I am picking my battles and looking out for basic goodness.

spend the morning watching rain beading on freshsprung march buds
daffodils are blossoming yellow and damp alongside covert crocuses
they seem more nuanced, as flowers,
when the sky is dim, and grey
more capable of the lesser human emotions

i am picking my battles and looking out for basic goodness

there are asbestos-containing-materials in our new house
and its not shocking, i guess
but i am furious anyway.
Not that a house built in 1930 would have
asbestos ceilings
and asbestos glue under ugly flooring
but furious that anyone was ever fooled into thinking this was a good idea
that the newest laboratory innovation was really going to make life better
and now we’re left to clean it up

midway through the morning it occurs to me:
there’s nothing shocking here.
maybe in getting pissed about the mistakes of previous generations i am missing the point
Everybody wants it cheap, and easy.
Everyone wants to have their cake
and eat it too
my generation is just as willing to overlook the risks
Goodbye Asbestos, hello vinyl siding and polychlorinated biphenyls.
goodbye styrofoam,
hello nalgene bottles with bisphenol-A
goodbye oil hello nuclear power
goodbye coca-cola with cocaine
hello diet coke with aspartame

i am picking my battles and looking out for basic goodness.
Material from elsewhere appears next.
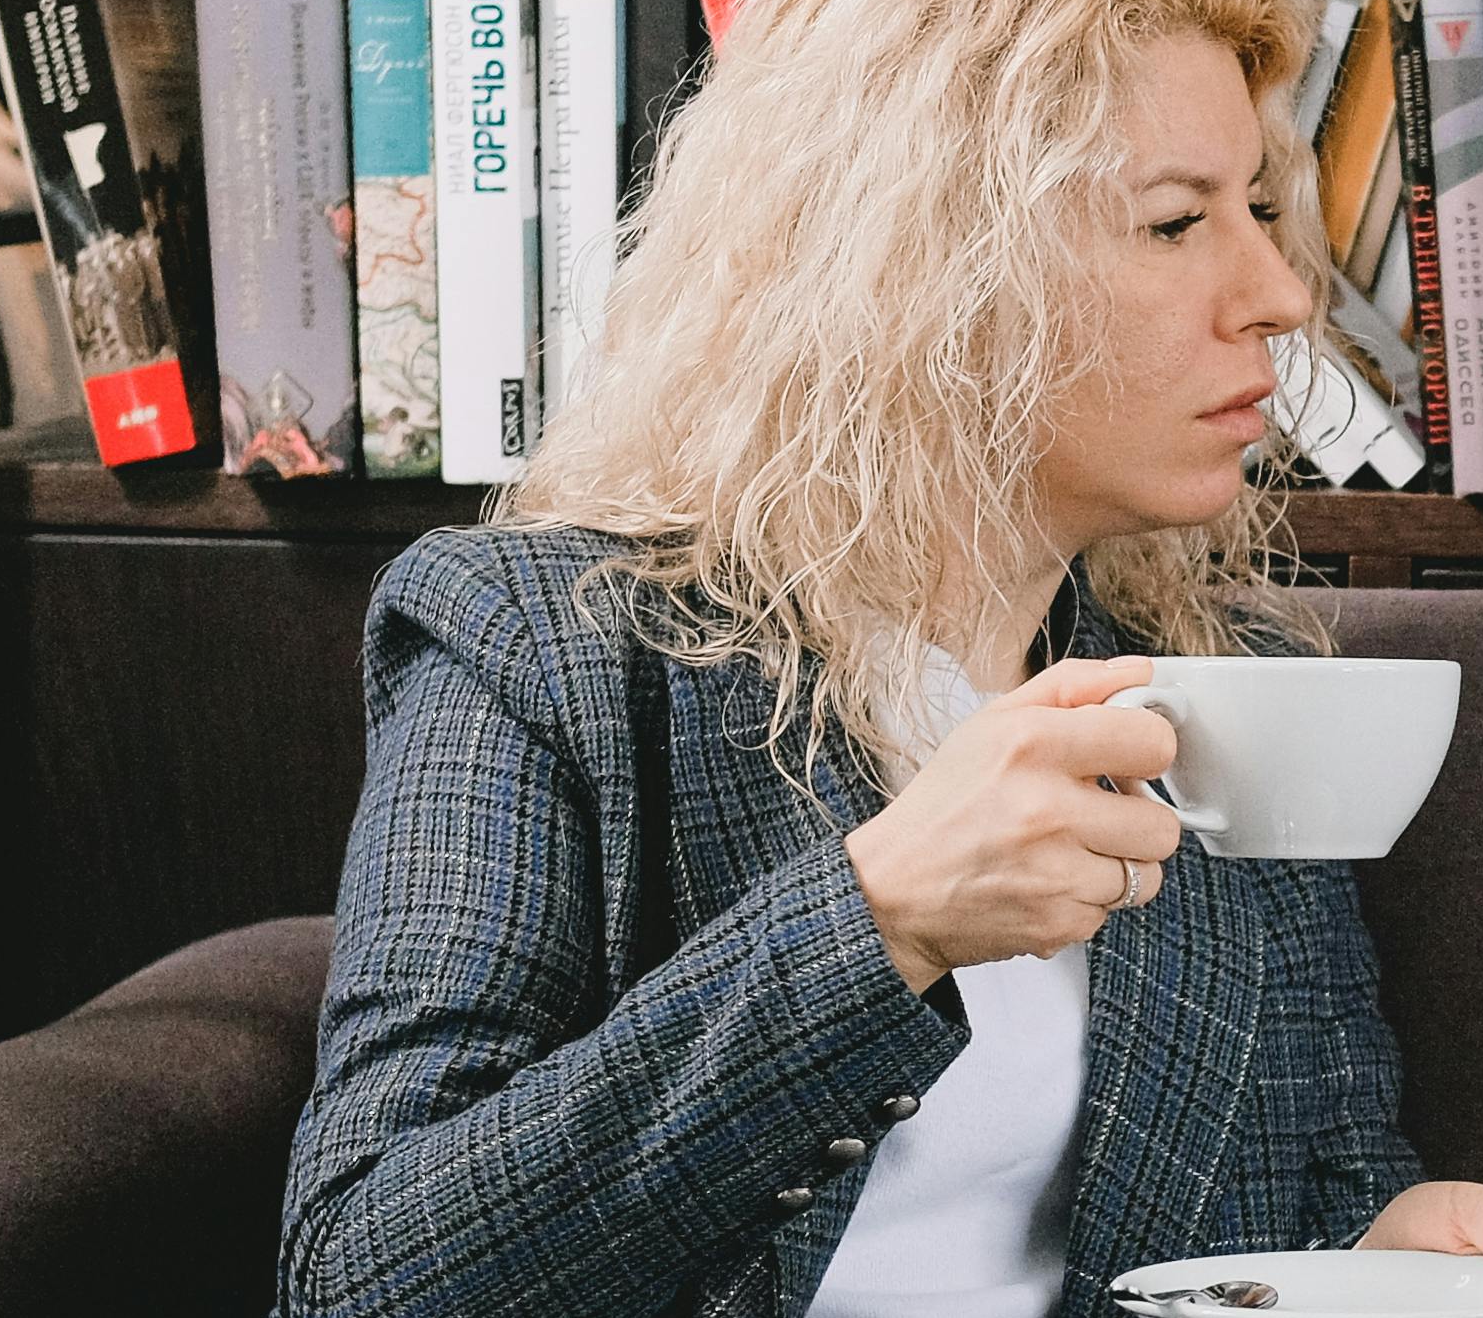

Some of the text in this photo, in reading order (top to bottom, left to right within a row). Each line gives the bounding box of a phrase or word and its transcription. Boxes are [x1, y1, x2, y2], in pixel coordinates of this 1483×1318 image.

there is a wind gust and a raven swoops upward suddenly over the ravine
then turns its head into the invisible force
and strikes out northwest
i am looking forward to years of wandering my own yard
clipping branches from familiar trees
for ikebana
at all seasons

somedays i chide myself for writing much about Ordinary Life
when there are So Many Big Issues playing out in the World
big issues that i care about,
big issues where my voice is relevant to the discussion
and i have something to say
But then I have moments
in which i remember:

This is All there is.

This ordinary moment each of us is living:
right Now,
is all there is.
All those Big Issues are Here, Now.
in our breakfast cereal,
in the set of choices we have before us
Ecology, “Politics,” Gender Issues, Violence, Pollution, Economics, “History”
coffee, dogshit, bills paid, weather, food in the fridge, the water coming out of the tap, the inventory of the kitchen trash, the history my body carries as it walks around the house, the dust in the vents, the microchips in my cell phone, the corporate giants who own my organic feel good toothpaste.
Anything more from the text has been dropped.